Retardation and Double Jeopardy

| 3 Comments
The U.S. Supreme Court today issued orders after its Friday conference, granting certiorari in six cases: four civil, one criminal, and one quasi-criminal. Lyle Denniston summarizes all six at SCOTUSblog. The quasi-criminal case is named Nijhawan v. Mukasey, No. 08-495 for the time being. It has to do with deportation for frauds over $10,000 and who decides the amount of the loss.

The criminal case is Bobby v. Bies, No. 08-598. The Sixth Circuit opinion is Bies v. Bagley, 519 F.3d 324 (2008). The Ohio Supreme Court opinion on direct appeal is State v. Bies, 658 N.E.2d 754 (1996).

Bies is on one of the lower rungs of the intellectual ladder. Whether he is actually retarded has been disputed throughout the litigation. His IQ tested at 69, which is pretty much a coin-toss given a margin of error of +- 5 and a presumptive threshold of 70. Before Atkins v. Virginia, 536 U.S. 304 (2002), the difficult question of which side of the nebulous line he falls on didn't really matter. Being on the ragged edge was a mitigating factor to be weighed against the aggravating under Penry v. Lynaugh, 492 U.S. 302 (1989), and the weight was not appreciably different whether he just barely met or just barely did not meet the clinical criteria for the diagnosis of "mildly retarded."
Bies's expert, Dr. Donna Winter, "evaluated Bies's I.Q. as being in the range of mildly to borderline mentally retarded." That's sloppy terminology. There is no category of "borderline mentally retarded." The DSM-IV-TR recognizes mild, moderate, severe, and profound retardation. The next step up from mildly retarded is borderline intellectual functioning. "Differentiating Mild Mental Retardation from Borderline Intellectual Functioning requires careful consideration of all available information" (p. 48). It doesn't appear from the published opinions that such a differentiation was made or needed to be made by the expert, by the jury, or by the Ohio Supreme Court.

On appeal, the Ohio high court independently assesses the aggravating and mitigating factors. "Under factor (7), Bies's personality disorder and mild to borderline mental retardation merit some weight in mitigation." 658 N.E.2d, at 761. Again, there does not appear to be any effort to differentiate mild retardation from borderline intellectual functioning, because nothing turned on the distinction.

Upon independent weighing, the aggravating circumstances outweigh the mitigating factors beyond a reasonable doubt. The totality of evidence and circumstances portray a heinous and brutal crime that shocks the senses. A small ten-year-old boy who was afraid of the dark and who had problems walking was tricked into going into two abandoned buildings to earn some money. Once inside, Bies and Gumm made Aaron aware of their sexual intentions and Aaron resisted. But he was not allowed to leave. This clearly constituted kidnapping under R.C. 905.01. Aaron was then dragged over to another building against his will where the attempted rape took place. After Aaron refused to accede to the sexual desires of his abductors, he was brutally murdered. Bies's participation in these crimes merits the capital penalty to which he was sentenced.

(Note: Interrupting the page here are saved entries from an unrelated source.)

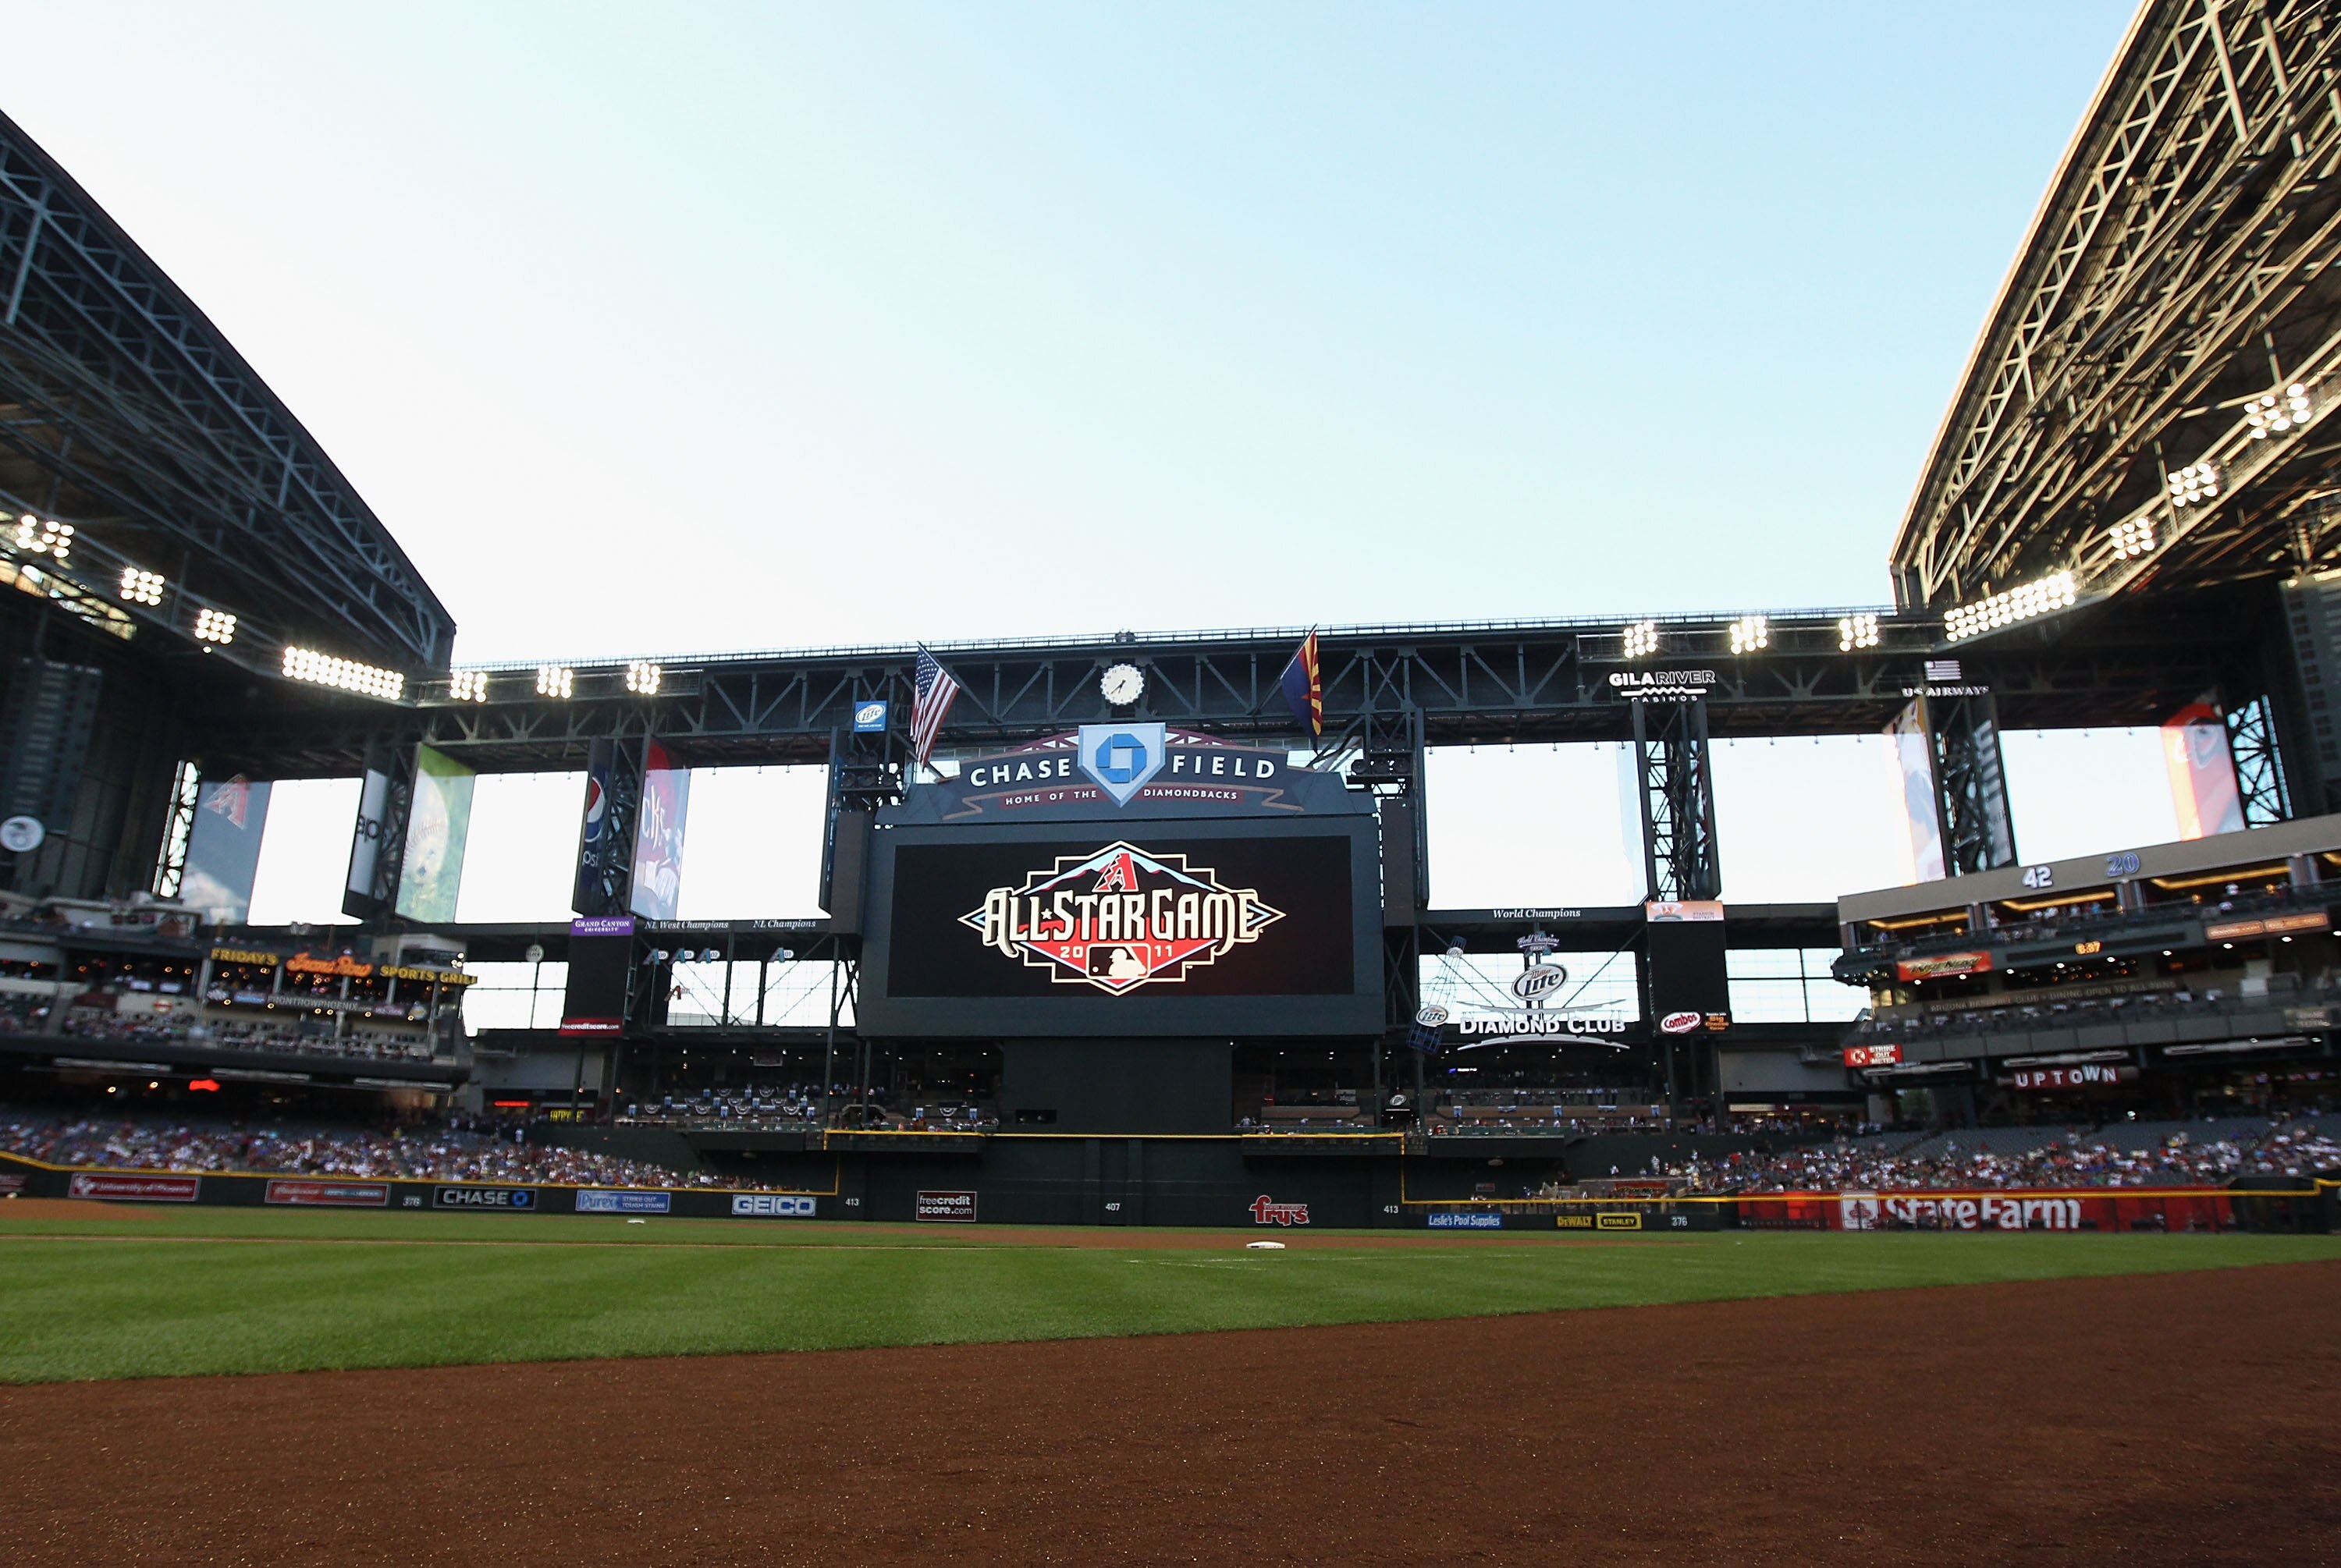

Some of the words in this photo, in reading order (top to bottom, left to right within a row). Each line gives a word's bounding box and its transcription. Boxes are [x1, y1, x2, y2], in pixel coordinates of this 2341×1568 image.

[1902, 687, 1924, 697] US
[1925, 686, 1989, 697] AIRWAYS
[969, 757, 1071, 787] CHASE
[1172, 754, 1276, 779] FIELD
[1005, 793, 1040, 806] HOME
[1049, 792, 1065, 801] OF
[1074, 789, 1097, 800] THE
[1143, 789, 1238, 800] DIAMONDBACKS
[2106, 851, 2140, 877] 20
[2022, 865, 2054, 889] 42
[1493, 908, 1524, 919] World
[1526, 908, 1581, 920] Champions
[601, 920, 630, 928] CANYON
[645, 921, 659, 930] NL
[659, 921, 680, 930] West
[681, 920, 729, 931] Champions
[753, 920, 766, 928] NL
[766, 920, 816, 929] Champions
[380, 965, 437, 982] SPORTS
[1523, 974, 1561, 997] Lite
[1459, 1016, 1561, 1034] DIAMOND
[1567, 1016, 1626, 1034] CLUB
[1664, 1013, 1698, 1028] Combos
[2015, 1066, 2117, 1087] UPTOWN
[442, 1189, 508, 1205] CHASE
[845, 1198, 859, 1207] 413
[919, 1195, 971, 1206] freecredit
[733, 1197, 815, 1215] GEICO
[919, 1204, 972, 1215] score.com
[1106, 1203, 1121, 1211] 407
[1249, 1194, 1309, 1226] fry's
[1384, 1205, 1399, 1214] 413
[1885, 1194, 1977, 1229] State
[1980, 1193, 2082, 1229] Farm
[1429, 1215, 1453, 1226] Leslie's
[1454, 1215, 1469, 1226] Pool
[1470, 1215, 1500, 1227] Supplies
[1672, 1216, 1688, 1226] 376

Post-Atkins, Bies filed for a third state post-conviction review. He asked for summary judgment on the theory that the fact of retardation has already been determined and the Double Jeopardy Clause precludes relitigating it. The state court didn't buy it, but the federal courts did. This is wrong in so many ways that the betting pool should simply be on which ground the Supreme Court will reverse.

"[N]or shall any person be subject for the same offence to be twice put in jeopardy of life or limb...." How many times has Bies been "in jeopardy of life"? Once. The state is not retrying him. He is the moving party on state post-conviction. There is overlap between the Double Jeopardy Clause and the general principle of res judicata (including collateral estoppel), but, like the Confrontation Clause and the hearsay rule, they are not coextensive. The Double Jeopardy Clause has no application when the state merely seeks to enforce a judgment entered once and never yet overturned.

Closely related to this point is that the Double Jeopardy Clause only comes into operation when there has been an acquittal or the equivalent of an acquittal, such as reversal on appeal for insufficiency of the evidence.  "We reject the fundamental premise of petitioners' argument, namely, that a capital sentencer's failure to find a particular aggravating circumstance alleged by the prosecution always constitutes an 'acquittal' of that circumstance for double jeopardy purposes." Poland v. Arizona, 476 U.S. 147, 155 (1986).

Even under general collateral estoppel principles, the rule only precludes relitigation of issues actually and necessarily determined in the prior litigation. Which side of the fuzzy Atkins line Bies falls on was neither determined nor needed back in the days of the Penry rule.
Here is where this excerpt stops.